Although the records contain pictures, repeat only the text of every line exactly.

Top of EXERCISE INPUTS

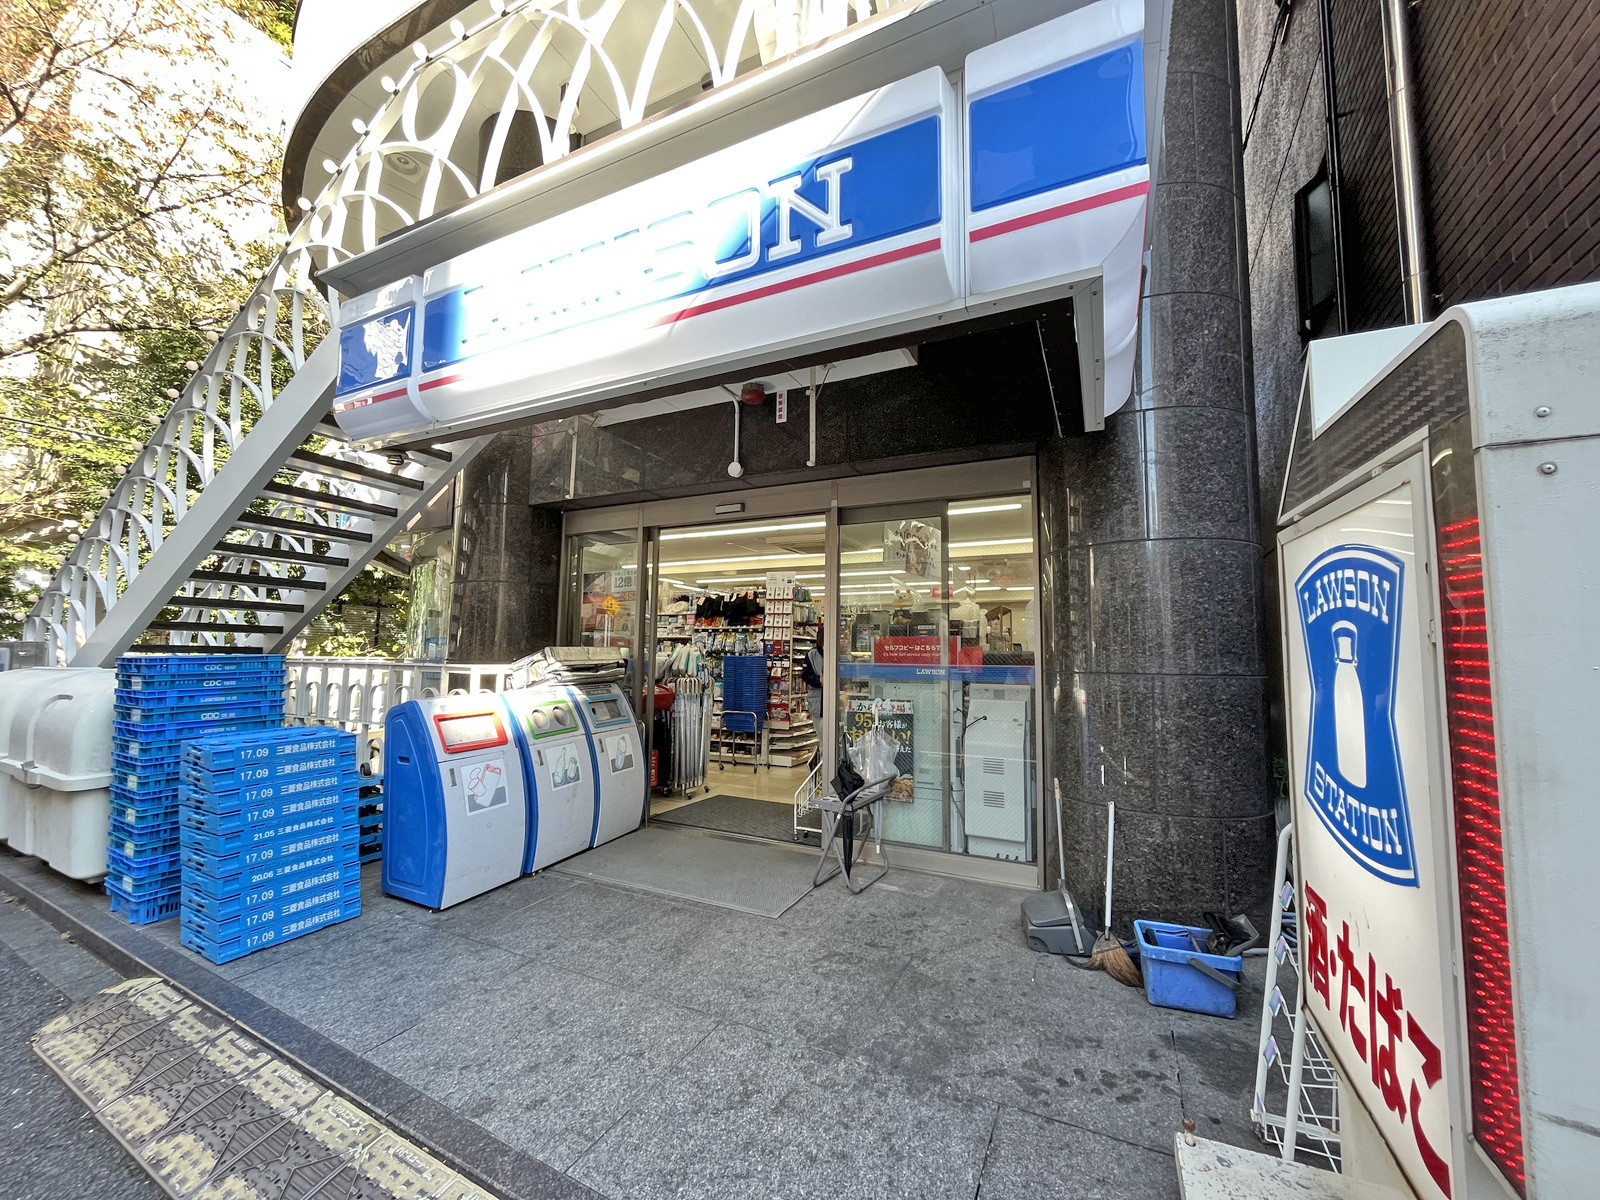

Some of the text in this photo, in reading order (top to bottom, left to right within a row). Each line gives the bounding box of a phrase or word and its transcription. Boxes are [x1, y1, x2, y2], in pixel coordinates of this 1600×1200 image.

[462, 156, 853, 345] SON
[1303, 569, 1390, 625] LAWSON
[201, 712, 219, 720] CDC
[240, 739, 336, 760] 17.09 三菱食品株式会社
[240, 758, 336, 781] 17.09 三菱食品株式会社
[245, 776, 338, 801] 17.09 三菱食品株式会社
[247, 795, 339, 822] 17.09 三菱食品株式会社
[1313, 761, 1402, 856] STATION
[253, 816, 334, 841] 21.05 三菱食品株式会社
[245, 833, 339, 864] 17.09 三菱食品株式会社
[251, 854, 334, 883] 20.06 三菱食品株式会社
[246, 870, 340, 905] 17.09 三菱食品株式会社
[246, 890, 340, 926] 17.09 三菱食品株式会社
[246, 909, 340, 947] 17.09 三菱食品株式会社
[1305, 880, 1452, 1199] 酒・たばこ

Bottom of EXERCISE INPUTS

*ANSWER BOX*.
Some of the text in this photo, in reading order (top to bottom, left to right within a row). Each line gives the bounding box of a phrase or word and its transcription. Boxes are [x1, y1, x2, y2], in pixel coordinates of this 1600×1200 image.

[462, 156, 853, 345] SON
[1303, 569, 1390, 625] LAWSON
[201, 712, 219, 720] CDC
[240, 739, 336, 760] 17.09 三菱食品株式会社
[240, 758, 336, 781] 17.09 三菱食品株式会社
[245, 776, 338, 801] 17.09 三菱食品株式会社
[247, 795, 339, 822] 17.09 三菱食品株式会社
[1313, 761, 1402, 856] STATION
[253, 816, 334, 841] 21.05 三菱食品株式会社
[245, 833, 339, 864] 17.09 三菱食品株式会社
[251, 854, 334, 883] 20.06 三菱食品株式会社
[246, 870, 340, 905] 17.09 三菱食品株式会社
[246, 890, 340, 926] 17.09 三菱食品株式会社
[246, 909, 340, 947] 17.09 三菱食品株式会社
[1305, 880, 1452, 1199] 酒・たばこ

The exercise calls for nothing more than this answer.